Оксана заплакала, Богдан на дочь прикрикнул, вечер вышел скомканный. Дарина рассказывала мне об этом на кухне, ковыряя вилкой сырник, и вид у неё был совсем не победный. Я сказала, что мать её любит и что говорить правду за столом — дело дорогое, дороже, чем кажется в пятнадцать. Она подумала и сказала: «Всё равно бы сказала».

Пекарня не закрылась. Богдан закрыл кондитерский угол с пирожными, который всё равно не окупался, продал вторую витрину, взял пекаря — женщину лет пятидесяти из бывшего гарнизонного хлебозавода, с разрядом, официально, шестьдесят пять тысяч. Люба у него так и не осталась. Кредит за печь он тянет до сих пор и теперь встаёт в четыре сам, потому что пекарь одна, а замеса на всё утро — два. Мне об этом никто специально не докладывал, я просто вижу свет в цеху, когда еду мимо на первом автобусе.

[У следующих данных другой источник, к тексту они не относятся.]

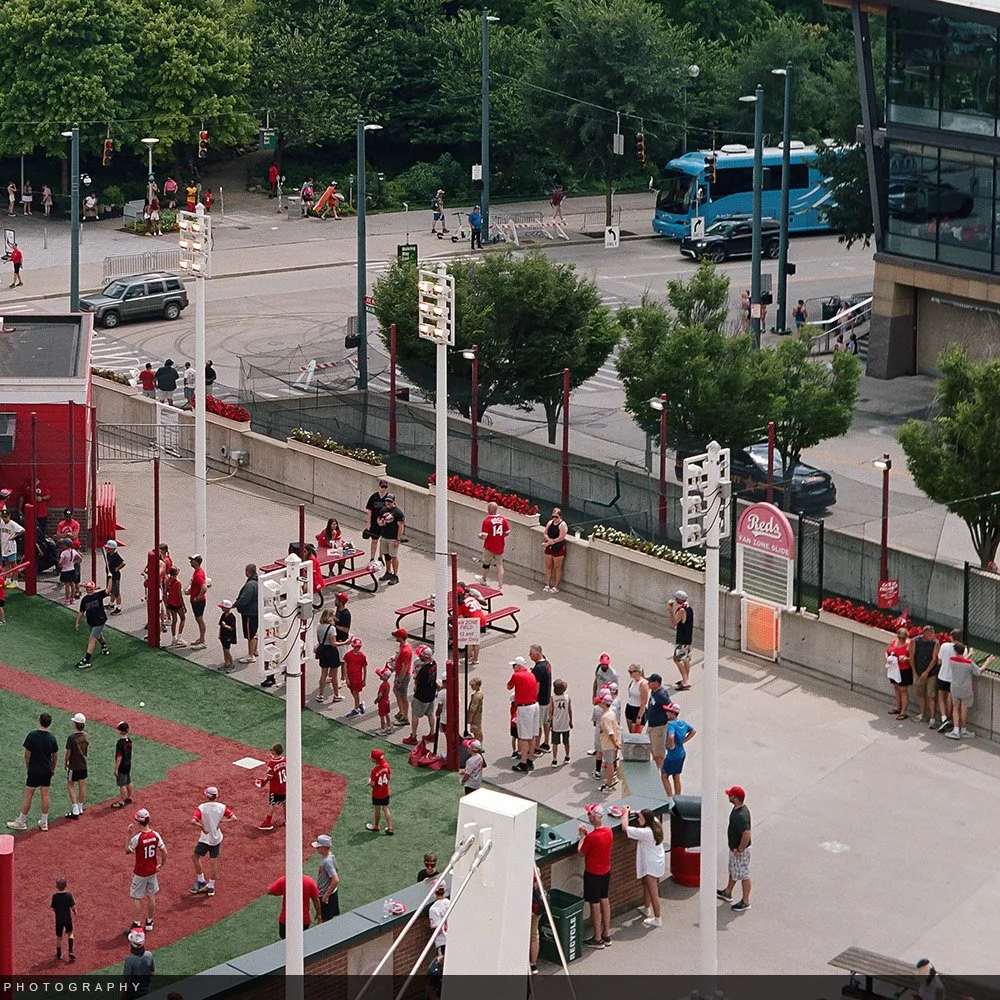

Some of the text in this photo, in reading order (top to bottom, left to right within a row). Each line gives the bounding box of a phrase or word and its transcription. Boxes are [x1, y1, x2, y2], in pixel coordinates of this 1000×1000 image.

[492, 524, 504, 537] 14
[747, 513, 782, 540] Reds
[739, 535, 790, 557] FAN ZONE SLIDE
[557, 701, 566, 710] 44
[377, 773, 388, 786] 44
[144, 844, 156, 859] 16
[569, 916, 577, 961] RECYCLE

В конце мая он пришёл ко мне на работу. В двадцать минут шестого, в куртке поверх футболки, с горячей ещё буханкой в пакете. Гульнара разрешила мне выйти на десять минут во двор.

— Мам, посмотри. Корка отслаивается. Третий замес подряд.

Я разломила. Хлеб был неплохой, честный, только под коркой шёл тот самый пустой валик.

— Пар рано выпускаешь и сажаешь недорасстоенным. И заготовки у тебя, судя по мякишу, из-под плёнки прямо в печь идут, холодные сверху. Дай тесту дойти лишние двадцать минут и надрезай глубже, не царапай.

Он записал в телефон, слово в слово, как за преподавателем.

— Спасибо. Мам… а вернуться совсем никак? Я оформлю, всё по-белому, шестьдесят.

— Нет, Богдан.

Он кивнул, будто заранее знал ответ, и всё равно спросил. Потом потоптался и добавил, глядя куда-то в сторону погрузчика:

— Я ту швабру выкинул.

— Зря. Вещь нужная, в цеху пол каждый вечер мыть надо.

Он усмехнулся, коротко, невесело, и пошёл к машине. Я оставила буханку на подоконнике в раздевалке, чтобы девчонки в дневную попробовали, и вернулась к печи. На часах было полшестого, у меня подходила вторая партия.